Getting beyond old murals of “resistance” and recovering our lost “ceremonies of innocence”

Here’s a (very) rough cut of a conversation I had on Radio Ulster’s Good Morning Ulster with Independent councillor on the Derry And Strabane Council, Paul Gallagher about the replication of violence depicted on the famous Petrol Bomber mural.

In fact, Paul makes points I agree with. He references the role of poverty, lack of opportunity and eager willingness of young people to leave the city. It’s a situation that’s not that much different from the late 70s and early 80s.

He added in another factor, which is the suicide rate amongst the city’s young people: which is a clear and unambiguous sign of psychosocial distress.

All of these have real-world causes which exist beyond the semiotics of the Bogside mural. But the point is not that murals cause the violence, but more than they enable what George Lakoff calls

…semantic “frames” that give structure to our thoughts about abstract ideas that must be grounded in our lived experience if they are to be understood.

Joe Brewer then adds another layer…

“The economy makes sense in our minds as a collection of stories about things that may be quite true and valid (there is a cost to anything one would like to acquire) or ridiculously false if we look at the evidence (wealth hoarded by the super rich will “trickle down” to everyone else as so-called prosperity).

We live within our stories as the fish lives within the water around it.
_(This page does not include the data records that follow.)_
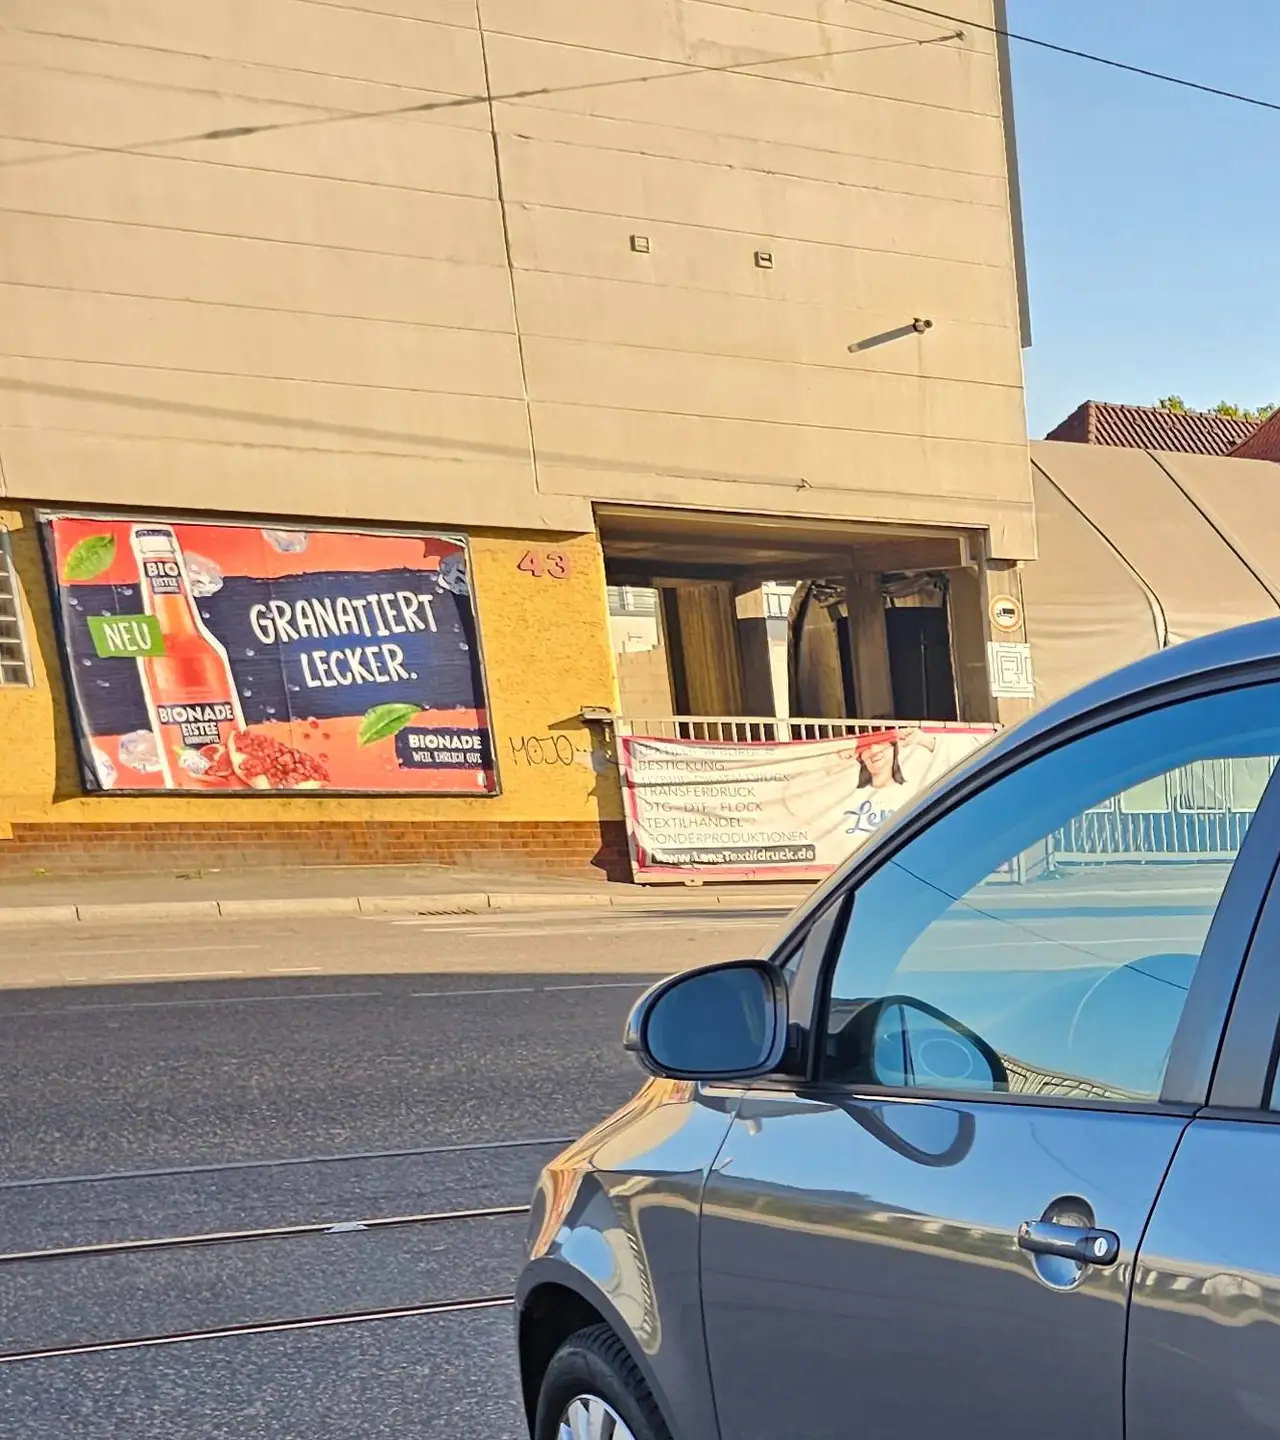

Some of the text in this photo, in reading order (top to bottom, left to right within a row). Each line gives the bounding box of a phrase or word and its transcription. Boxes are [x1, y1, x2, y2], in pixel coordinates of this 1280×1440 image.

[516, 550, 570, 579] 43
[250, 591, 437, 644] GRANATIERT
[102, 621, 152, 652] NEU
[301, 643, 418, 688] LECKER.
[158, 704, 234, 723] BIONADE
[181, 722, 218, 737] EISTEE
[407, 734, 483, 750] BIONADE
[412, 751, 433, 763] WEIL
[638, 760, 726, 772] BESTICKUNG
[643, 786, 757, 798] TRANSFERDRUCK
[646, 816, 744, 829] TEXTILHANDEL
[648, 830, 808, 845] SONDERPRODUKTIONEN
Just as the fish cannot see the water, we often do not see the culture we are swimming in.” [Emphasis added]

It is the semantic limitations that are the problem. Not for the first time on Slugger, I turn to Bryan Delaney’s great presentation from a few years back…

Every waking minute we’re bombarded by story when we go to sleep we’re flooded by the stories in our dreams, stories about our deeper selves told to us by profound and master storyteller deep within us that we don’t even know.

Religion is based on story. Genocide is based on story love is based on story. And recovery in this country emotional, psychological and spiritual recovery will also be based on story.

The writer Ben Okri has said that people are as healthy and confident as the stories they tell themselves but he also said that sick storytellers make nations sick.

As a story telling people we’re at a crossroads in this country we need to be extremely vigilant about the stories we choose to tell ourselves about ourselves.

We need to make a choice between the stories that shrink life and the stories that expand it and allow us to breath and to grow and to flourish.

This choice faces every society. Here’s Viktor Frankl speaking to an audience of students in Toronto just a few years after those events in Derry, riffing on Goethe…

And here’s the original from Goethe…

When we treat man as he is, we make him worse than he is; when we treat him as if he already were what he potentially could be, we make him what he should be.

Odd as it may seem, perhaps the casual firebombing of Derry’s vestigial minority of Protestants is the least damaging aspect of this affair. A deeper question might be: whom do these historic murals serve? And do they help grow life or shrink it? 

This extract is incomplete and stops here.